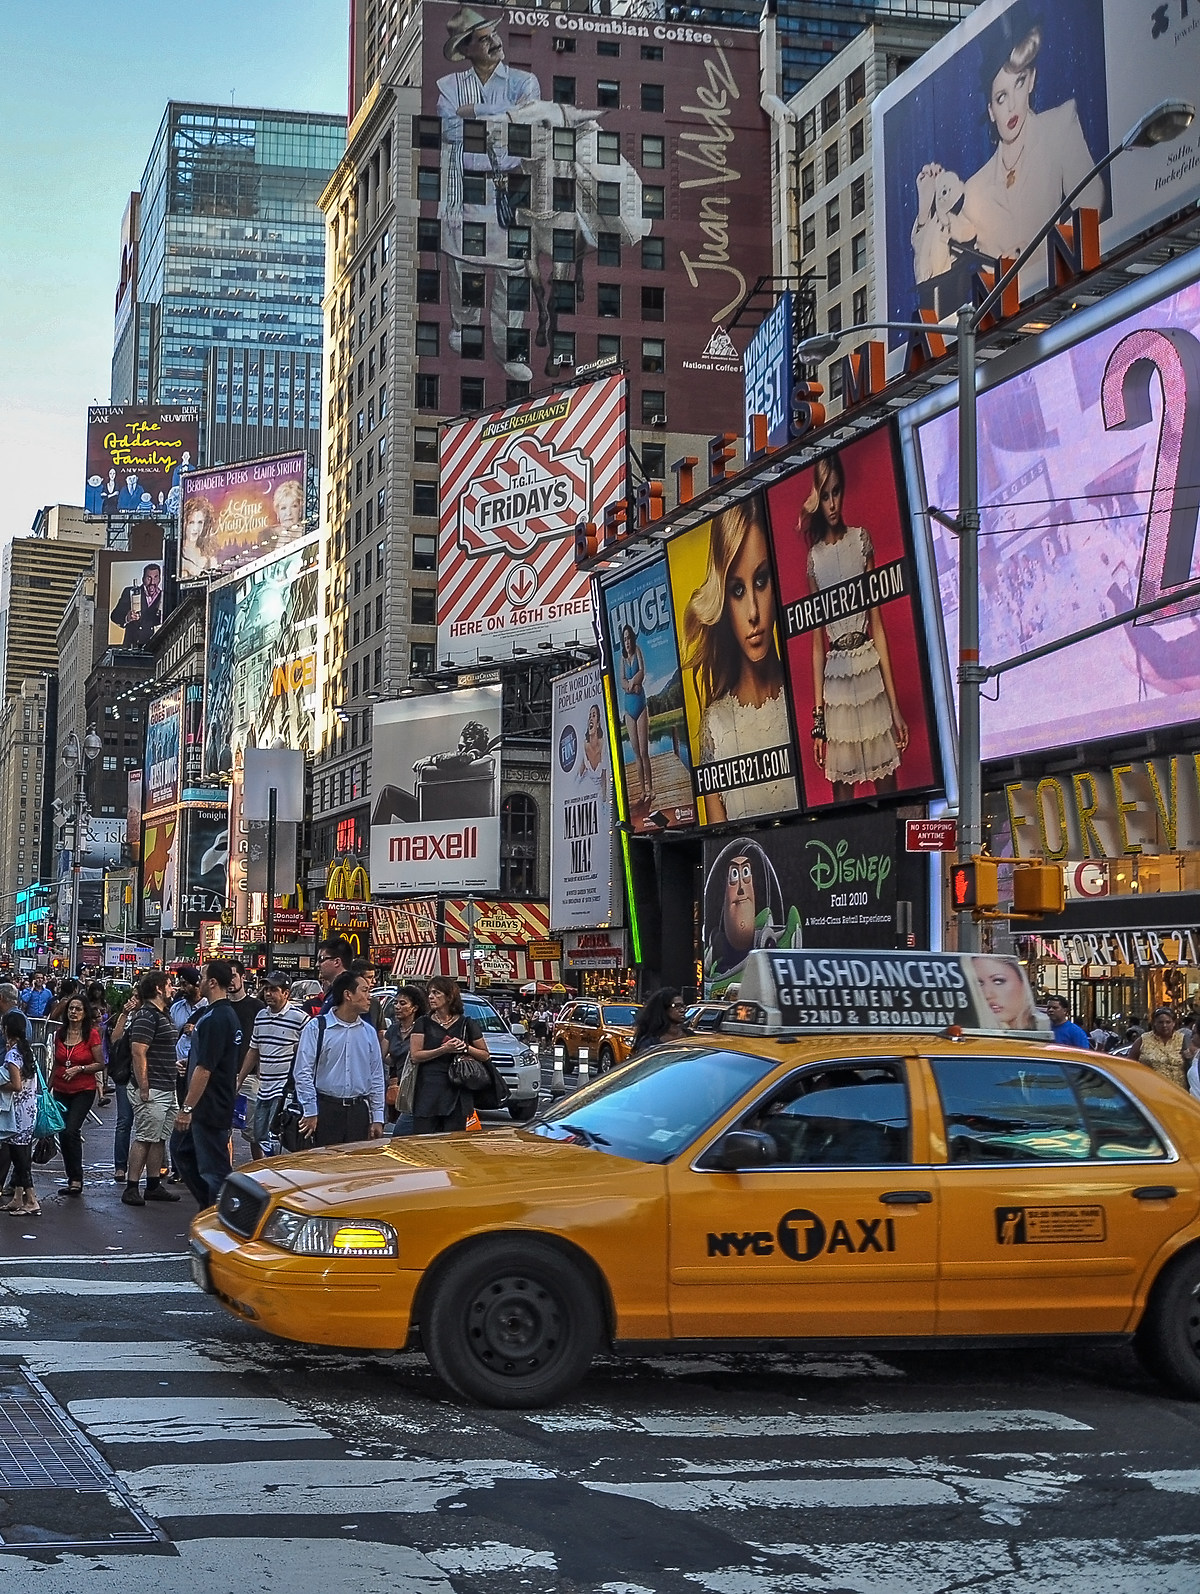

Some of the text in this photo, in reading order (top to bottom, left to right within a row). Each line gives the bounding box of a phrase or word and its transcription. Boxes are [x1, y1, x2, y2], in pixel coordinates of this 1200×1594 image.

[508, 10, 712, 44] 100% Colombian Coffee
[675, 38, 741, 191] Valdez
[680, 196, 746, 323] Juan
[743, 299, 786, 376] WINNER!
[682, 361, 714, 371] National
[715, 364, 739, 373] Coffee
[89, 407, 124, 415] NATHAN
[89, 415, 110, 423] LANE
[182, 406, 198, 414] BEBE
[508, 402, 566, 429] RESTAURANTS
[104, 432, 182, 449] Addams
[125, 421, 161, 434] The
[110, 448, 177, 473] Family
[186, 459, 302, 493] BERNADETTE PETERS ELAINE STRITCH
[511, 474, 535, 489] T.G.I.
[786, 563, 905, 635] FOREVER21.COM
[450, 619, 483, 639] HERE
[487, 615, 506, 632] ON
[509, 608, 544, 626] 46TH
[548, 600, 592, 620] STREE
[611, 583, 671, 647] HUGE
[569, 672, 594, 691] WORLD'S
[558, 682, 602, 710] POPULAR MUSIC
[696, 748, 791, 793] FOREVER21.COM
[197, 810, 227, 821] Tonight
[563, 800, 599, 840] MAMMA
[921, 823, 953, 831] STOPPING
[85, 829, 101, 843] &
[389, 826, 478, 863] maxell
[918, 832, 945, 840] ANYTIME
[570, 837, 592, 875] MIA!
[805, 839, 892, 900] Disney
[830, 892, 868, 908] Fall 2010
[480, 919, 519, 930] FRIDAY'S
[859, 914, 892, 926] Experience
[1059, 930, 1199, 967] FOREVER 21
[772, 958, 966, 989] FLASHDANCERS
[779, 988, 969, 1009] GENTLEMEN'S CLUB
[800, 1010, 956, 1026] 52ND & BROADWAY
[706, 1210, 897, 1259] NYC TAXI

...

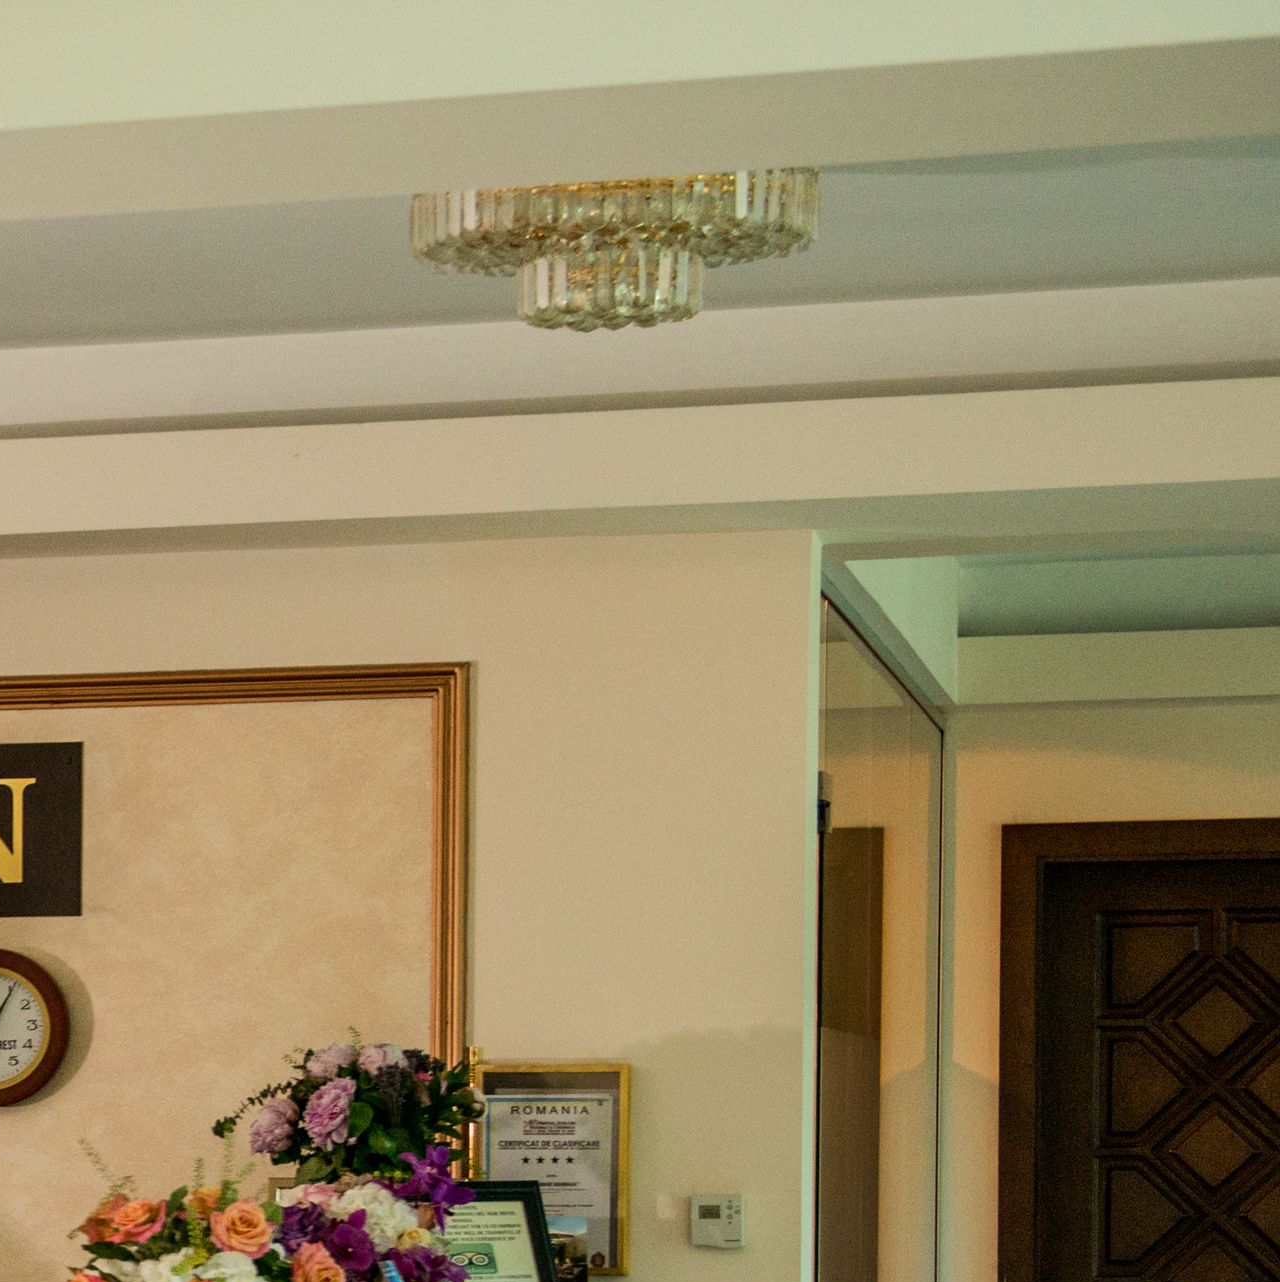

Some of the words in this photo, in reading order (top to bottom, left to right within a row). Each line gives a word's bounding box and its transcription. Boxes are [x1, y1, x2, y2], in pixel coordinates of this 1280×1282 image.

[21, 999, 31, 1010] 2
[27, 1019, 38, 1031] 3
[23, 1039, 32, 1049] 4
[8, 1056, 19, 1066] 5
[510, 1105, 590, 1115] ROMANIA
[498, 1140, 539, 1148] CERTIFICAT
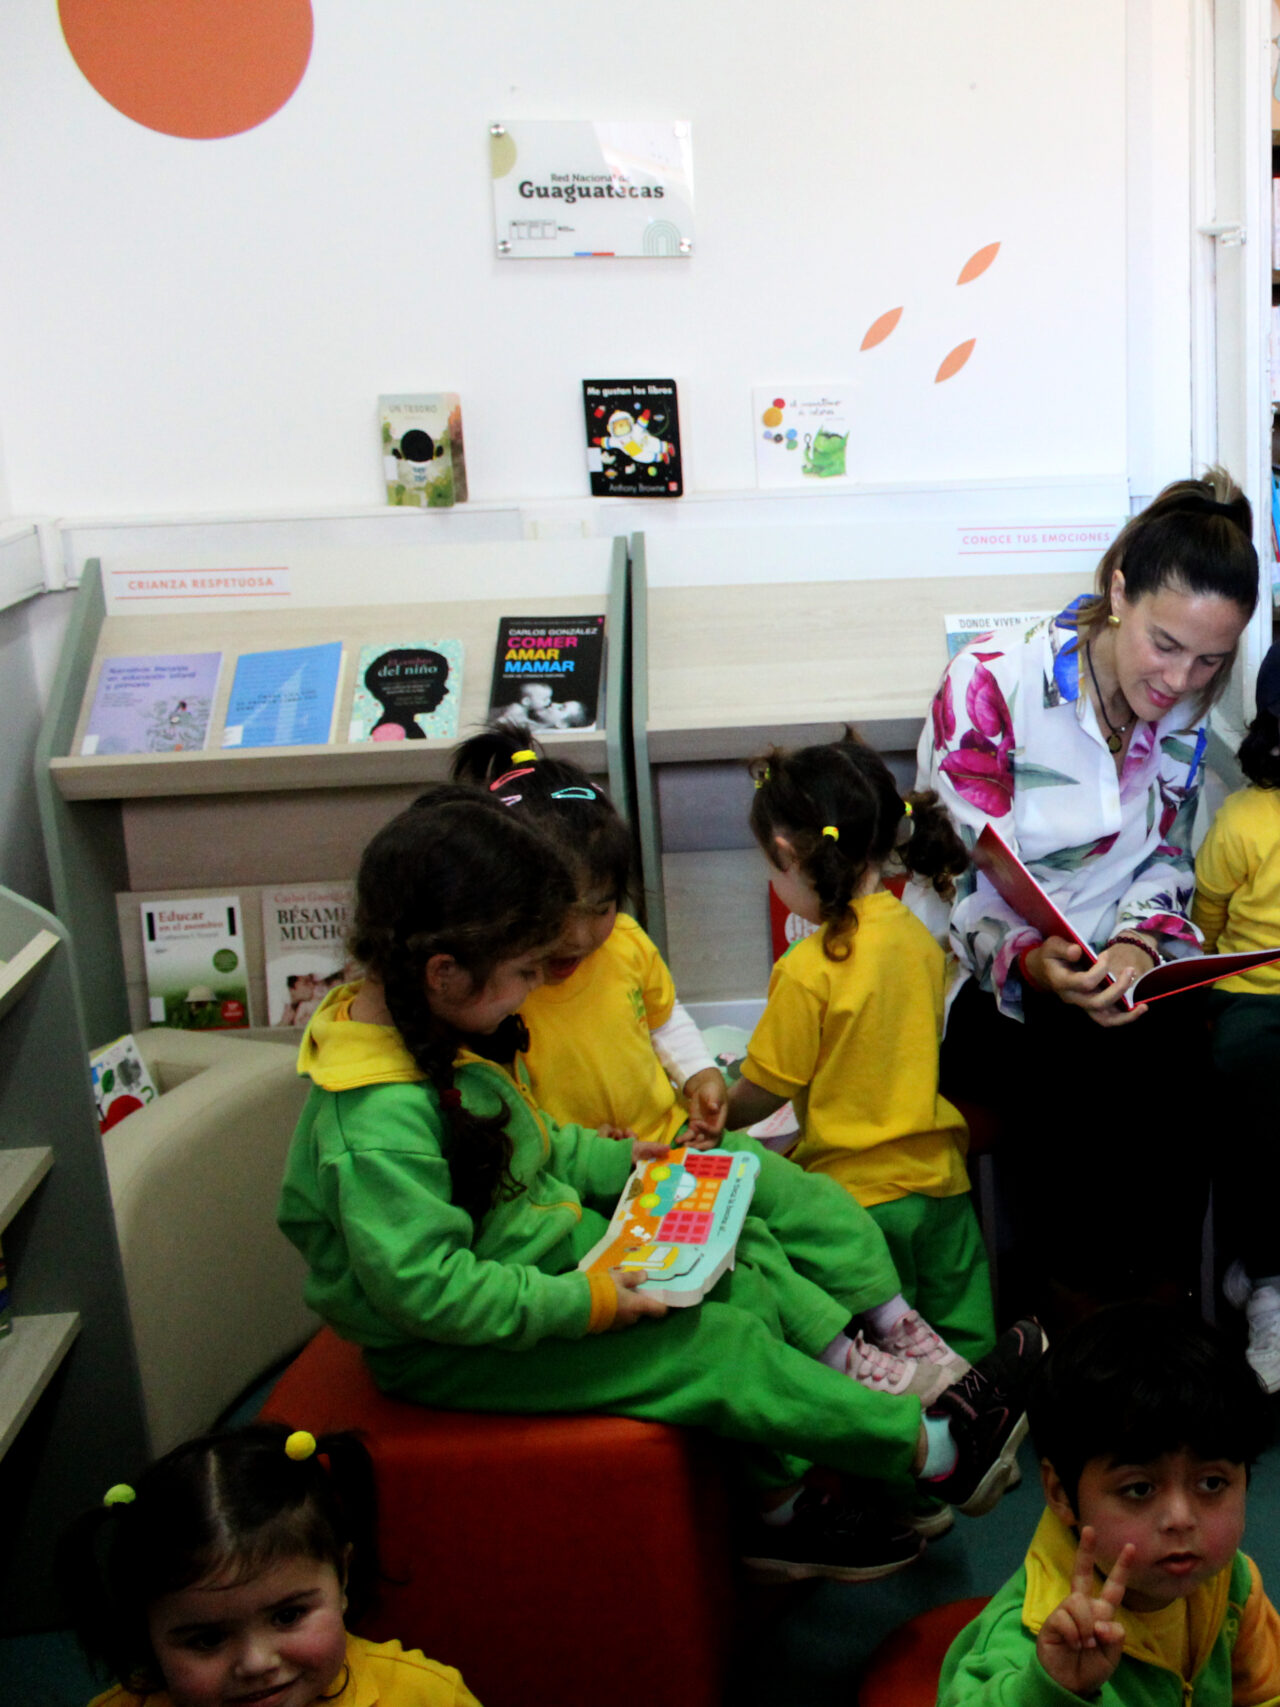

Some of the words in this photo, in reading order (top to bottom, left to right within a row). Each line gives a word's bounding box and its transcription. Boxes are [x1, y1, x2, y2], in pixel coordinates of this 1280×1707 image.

...

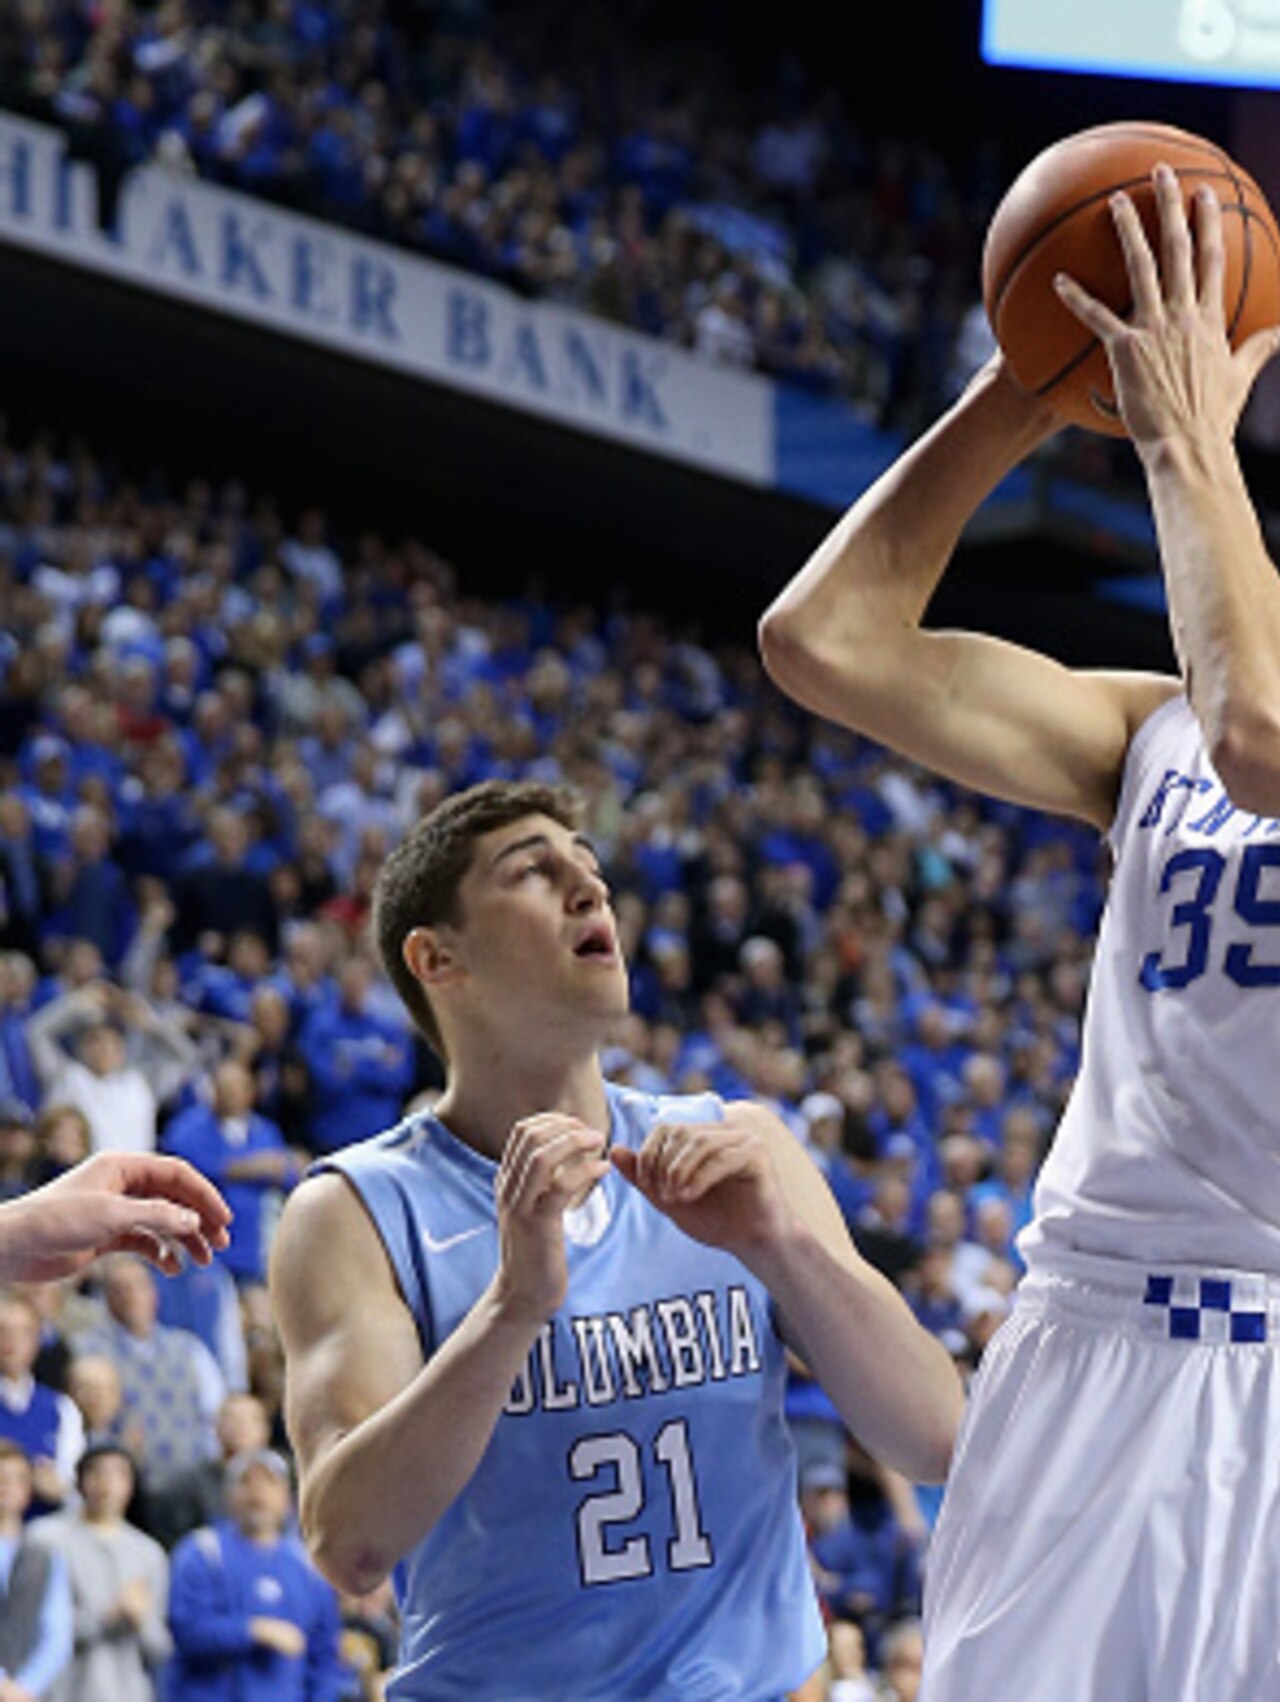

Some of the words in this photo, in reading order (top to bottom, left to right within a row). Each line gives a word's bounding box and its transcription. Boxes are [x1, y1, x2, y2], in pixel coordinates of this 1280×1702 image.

*Goal of the exercise*
In the entries above, find the line that contains "this 1280×1282 image." and the line that contains "this 1280×1707 image.". Reproduce exactly those two lines and every line between them, but not the pictures.

*Solution to this problem*
Some of the words in this photo, in reading order (top to bottom, left to right within a row). Each line gives a word's bounding box and its transcription. Boxes are [x1, y1, x2, y2], in pixel coordinates of this 1280×1282 image.

[21, 999, 31, 1010] 2
[27, 1019, 38, 1031] 3
[23, 1039, 32, 1049] 4
[8, 1056, 19, 1066] 5
[510, 1105, 590, 1115] ROMANIA
[498, 1140, 539, 1148] CERTIFICAT

Some of the words in this photo, in reading order (top to bottom, left to right within a row). Each line gives a word's bounding box and its transcription. Boxes are [x1, y1, x2, y2], in pixel coordinates of this 1280×1707 image.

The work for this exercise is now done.